Julio, Franci and I.
Ryan and I in Moyogalpa after dancing a bit.
A low-key week here at NPH was in order after two weeks of traveling and being away from the island. It was good to get back into the groove of things and be reminded of how I do like a routine. It was Ryan's birthday on Wednesday and it was fun to celebrate with the kids here at NPH. As always, though, some things came up worth talking about.
Every now and then when I call the folks they ask me how my Spanish is coming along. I can honestly say it has improved, but to what level is a mystery to me. Sometimes I can communicate confidently and literally feel that my words are being understood. Other times, however, I stumble like a complete idiot. The kids love to snicker and repeat my funny pronunciation, which I agree is hilarious. I do understand better than I can speak. Ironically, Ryan who’s Spanish speaking skills are dramatically better than mine, sometimes does not catch a question or the message from a conversation and I do so I have to explain it to him. Understanding the kids is a battle in and of itself. In my opinion though, it can be a blessing to not understand what a bunch of junior-high age kids are talking about. It is a humbling experience to struggle with communication daily, but everyday I learn a new word or maybe am reminded the grammar structure of how to say something. Here in Nicaragua it is common to drop consonant sounds and make vowels super short. The result is an entire conversation with a Nicaraguan can sound like one sentence and everything blends together. This is especially frustrating for a Midwesterner who loves to make her vowels long and flat and whose consonants are never in doubt. My goal is to impress the brothers and parents a little bit when they come to visit. We’ll see what happens.
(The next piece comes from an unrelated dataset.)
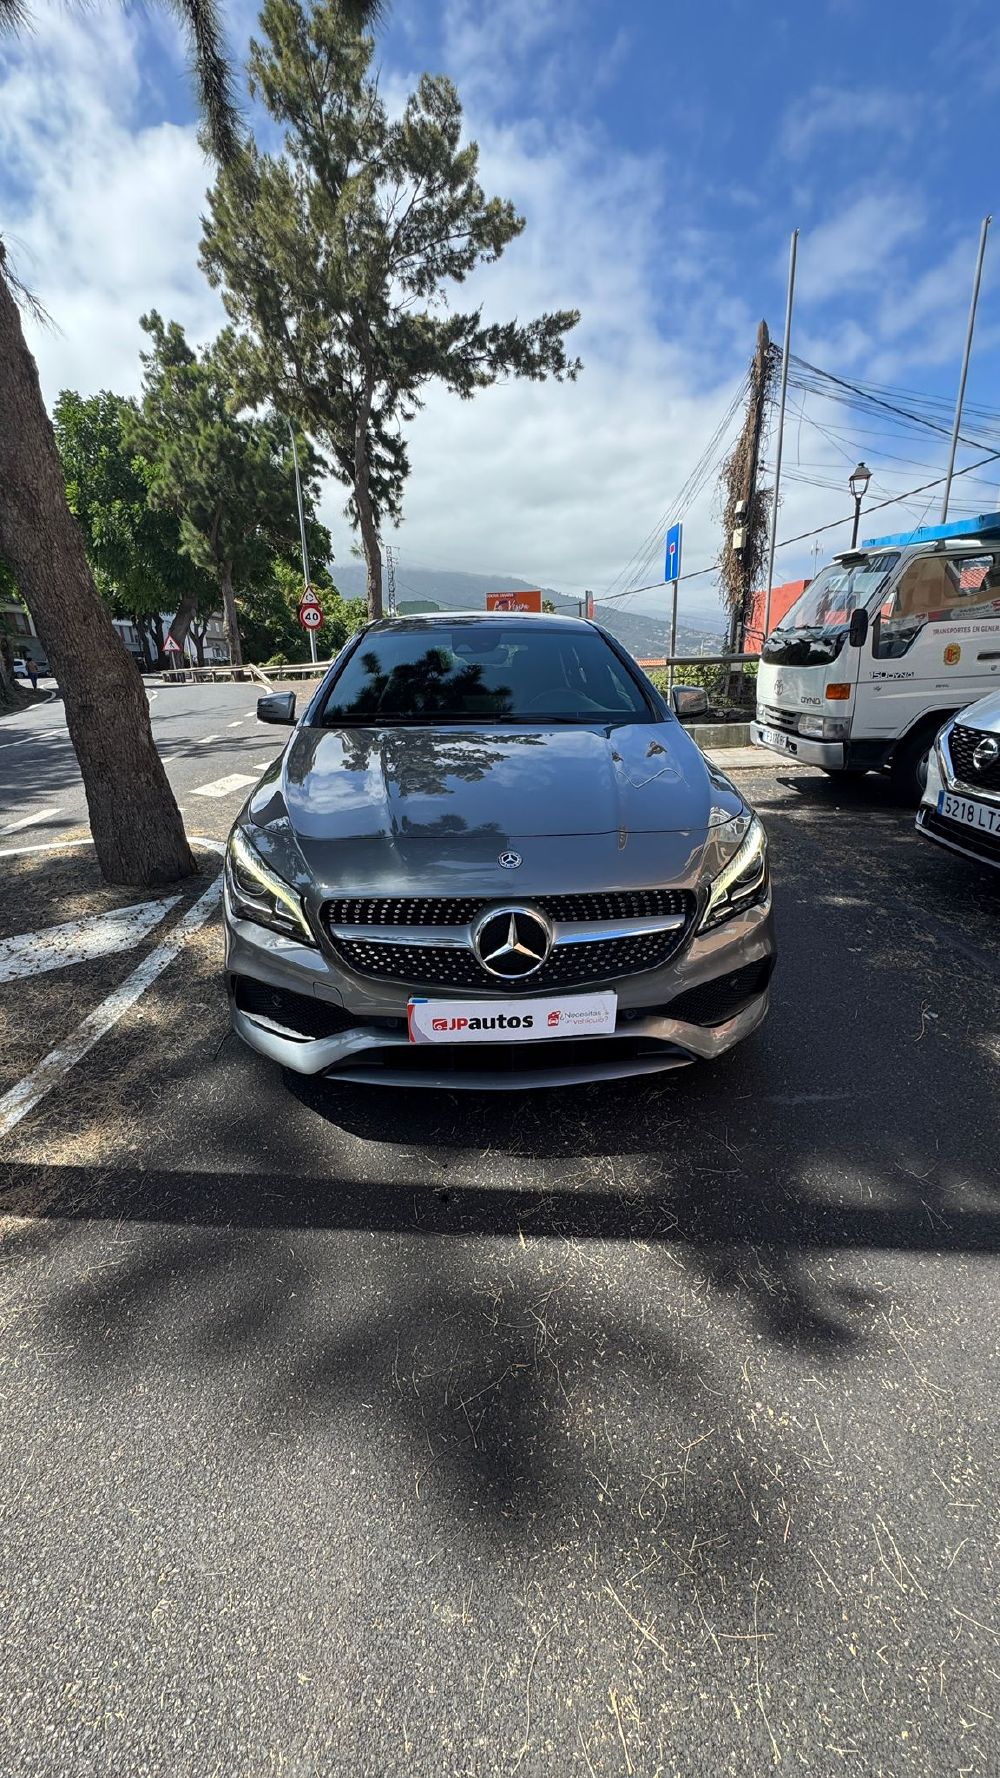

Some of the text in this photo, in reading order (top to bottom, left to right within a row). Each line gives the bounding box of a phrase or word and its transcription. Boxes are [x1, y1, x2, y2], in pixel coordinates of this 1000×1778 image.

Earlier this week while I was playing a math game with two students, Katerine and Imnovis, they asked me if I would be returning to Los Estados Unidos (U.S.A). I replied simply,“ Yes.” They then asked me if I wanted to return. I honestly said, “Yes very much. It is my home.” Being in the fourth grade and loving attention from anyone, Katerine, responded by saying “Que fachenta.” Not knowing what the word “fachenta” meant, I asked. They couldn’t give me a clear answer nor an example and my dictionary translated it as meaning “façade-like.” Not satisfied with that I asked one of the older girls, Iris, what it might really mean later that day. She loves explaining things, so instead of a translation or a synonym she gave me an example. She said, a girl is “fachenta” when she borrows her friend’s shirt and when she gets a compliment on the shirt she does not say it is her friends, but takes credit for it being her own. Iris’s explanation and the frankness of Katerine’s subtle stab took me aback.
Life here at NPH is not sunshine and roses, but someday I will leave. I will return to air-conditioning, trash TV, fast food, better communication and transportation, a family that adores me and can provide for me, all my clothes, my art, and be able to be around my friends who all enjoy the same things. The kids here at NPH know that I do not plan to stay nor do I want to, they however, can’t leave. They don’t have anything to go back to. So then, I question, why am I here? I feel the need to recognize the selfish aspects of living here in this community. I want to better my Spanish, I want to be near Ryan, I want to help out/give back a little of what I have been overwhelmingly given, I want to travel and learn a new culture, I want to say I have done something I have always wanted to do, and I want to return to the U.S. with all of these things. It is fair then to conclude I am using this experience to check a bunch of things off my list and not necessarily altruistically save the world. Does it take away from anything? Not really, I am still here to love on other people, but the person I am loving on the most while I am here is me, and I guess that means I am a little “fachenta.”
This past weekend was relaxed. We joined our friend Julio for lunch on Saturday and then went out on the town in Moyogalpa to a bar with him and his girlfriend Franci. It was nice to spend time with islanders and return early yesterday to catch up on e-mails. In Moyogalpa, though, we had a pizza dinner and while stuffing our bellies a clean-cut, seemingly normal looking American came into the restaurant and without much of an invitation sat down and talked with us. Clearly distressed, he began talking and we awkwardly listened. After about 3 minutes, he proved to be either insane or on some serious narcotics. He spoke of the Olympics, baby-killers, secret governments, his relationship with Hillary Clinton, new passports, his Boeing 747, lack of sleep and was swearing sporadically and speaking much too loudly for comfort. All in all, it was something from a weird dream. He eventually left, but not without giving us his business card that said he was a professional life coach from Provo, Utah. Yikes. We giggled and rolled our eyes for the remainder of the evening and were glad not to encounter him again. The next morning, though, the town was a buzz about the “extranjero” (foreigner), who tried to set fire to the gas station the previous night and was currently in jail. We asked a couple of questions and it was indeed our friend from the pizzeria. Double yikes. All is well, we said our prayers, but how cruelly ironic that it was indeed an American with an unstable mind who has been our biggest threat since arriving in Central America.